Please just add those 6 new specifiers that use the UKI's os-release files, it's a very short patch then, and makes things less magic. People really should have the freedom to pick the versions they want to protect and which ones they don't.

poettering avatar Jun 17 '25 07:06 poettering

I don't think that's the right approach. As per documentation transfer files refer to different kind of resources, and the ProtectVersion field should do the right thing rather than providing complex footguns. Just as it doesn't make sense to compare a UKI version to the rootfs, the opposite is also true, when downloading a new rootfs it does not make sense to compare it to a UKI. Apples and oranges. It should just do the right thing out of the box, it's simpler, easier to use and harder to mis-use.

bluca avatar Jun 17 '25 09:06 bluca

sorry, but this cannot work. UKIs are not as unified as one might think in some cases, for example, a pcrlock.d golden measurement file for a UKI might be something you want to drop into /var/ at the same time as you install a new kernel. or you must drop in kmods, or other resources. So you might need to update UKI-associated files outside of ESP/XBOOTLDR at the same time as the UKI. But the reverse is also possible: there area lots of reasons why you need to update OS-bound resources in the ESP/XBOOTLDR partitions that should be glued to the OS version, not the kernel version.

Hence it's essential that we can manage them explicitly correctly: i.e. reference by UKI version and by OS version in ESP/XBOOTLDR and on the host.
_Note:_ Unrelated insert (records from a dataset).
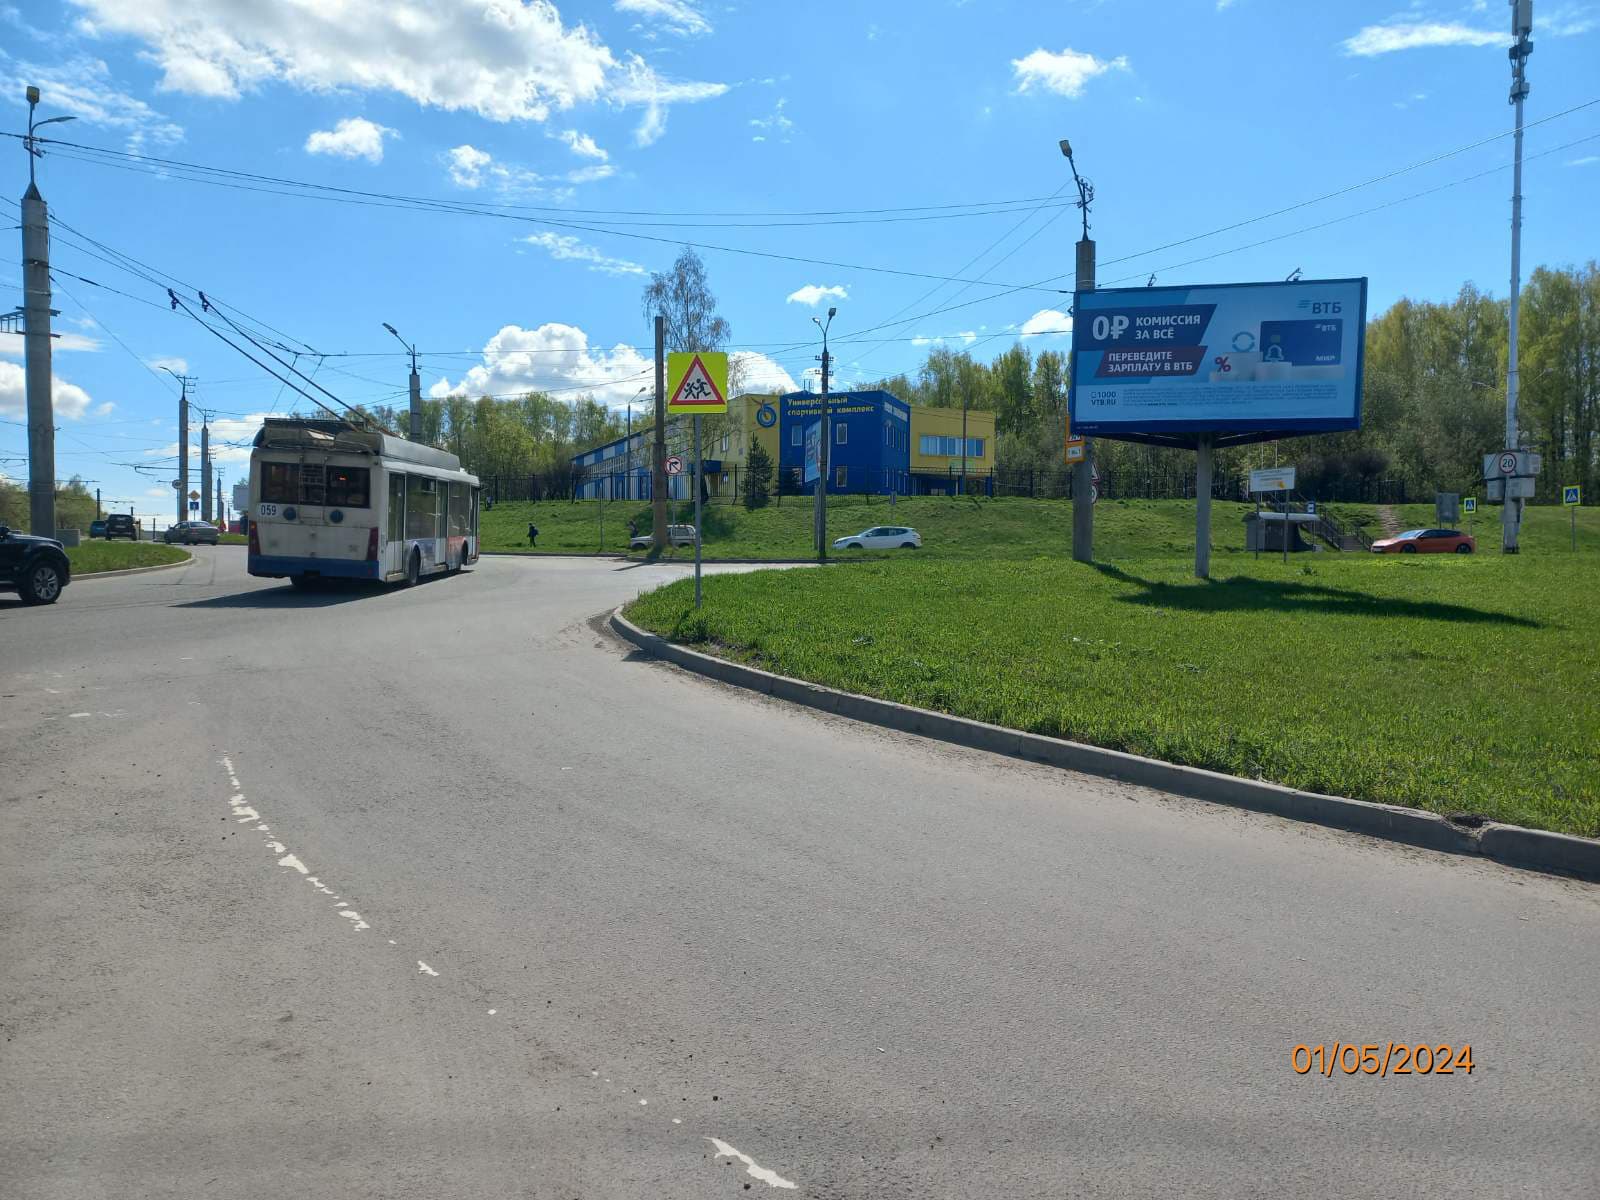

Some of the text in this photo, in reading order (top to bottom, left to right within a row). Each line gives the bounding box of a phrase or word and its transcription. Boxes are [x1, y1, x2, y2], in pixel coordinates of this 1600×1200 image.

[1312, 302, 1342, 314] ВТБ
[1136, 315, 1201, 326] КОМИССИЯ
[1135, 328, 1174, 339] ЗА ВСЁ
[1108, 351, 1172, 361] ПЕРЕВЕДИТЕ
[1108, 362, 1192, 372] ЗАРПЛАТУ В ВТБ
[1503, 458, 1513, 467] 20
[260, 504, 276, 515] 059
And that means we cannot overload the specifiers with different meaning... That's both broken, and very very confusing.

poettering avatar Jun 17 '25 09:06 poettering

If there are more cases where context matters, then the right thing should be done there too, depending on the resource being handled. Leaving it up to the users to figure out what combinations to use for what resource is just impossibly annoying to deal with. We can't keep adding more and more and more duplicated specifiers for anything that comes along, not only it's really bad UX but at some point there are only 26*2 characters available...

bluca avatar Jun 17 '25 11:06 bluca

do you se any further contexts like this showing up? i don't...

But again, you cannot just do "the right thing", because you never know if you want to match UKI versions on the rootfs, or match OS versions on the ESP. But are OK, and should be something we can express.

6 chars is not that much...

poettering avatar Jun 17 '25 12:06 poettering

do you se any further contexts like this showing up? i don't...

You mentioned a bunch?

But again, you cannot just do "the right thing", because you never know if you want to match UKI versions on the rootfs, or match OS versions on the ESP. But are OK, and should be something we can express.

But we do? When updating a UKI, I don't want the running UKI to be deleted. This is what this PR does. And it's also backward compatible, so if you also want to match it to the rootfs, that also still works.

bluca avatar Jun 17 '25 12:06 bluca

do you se any further contexts like this showing up? i don't...

You mentioned a bunch?

uh? there are only ever two sets of versions involved: the UKI's and the rootfs'. All I am saying is to have 6 for the UKI fields, and 6 for the rootfs fields.

poettering avatar Jun 17 '25 12:06 poettering

you mentioned pcrlock, kmods and other resources

bluca avatar Jun 17 '25 12:06 bluca

those are auxiliary resources store on disk that are versioned like the context they belong to, i.e. the UKI or the root fs.

All I am saying is that you cannot use the directory path as hint which os-release file to use, because there are files everywhere that use either version.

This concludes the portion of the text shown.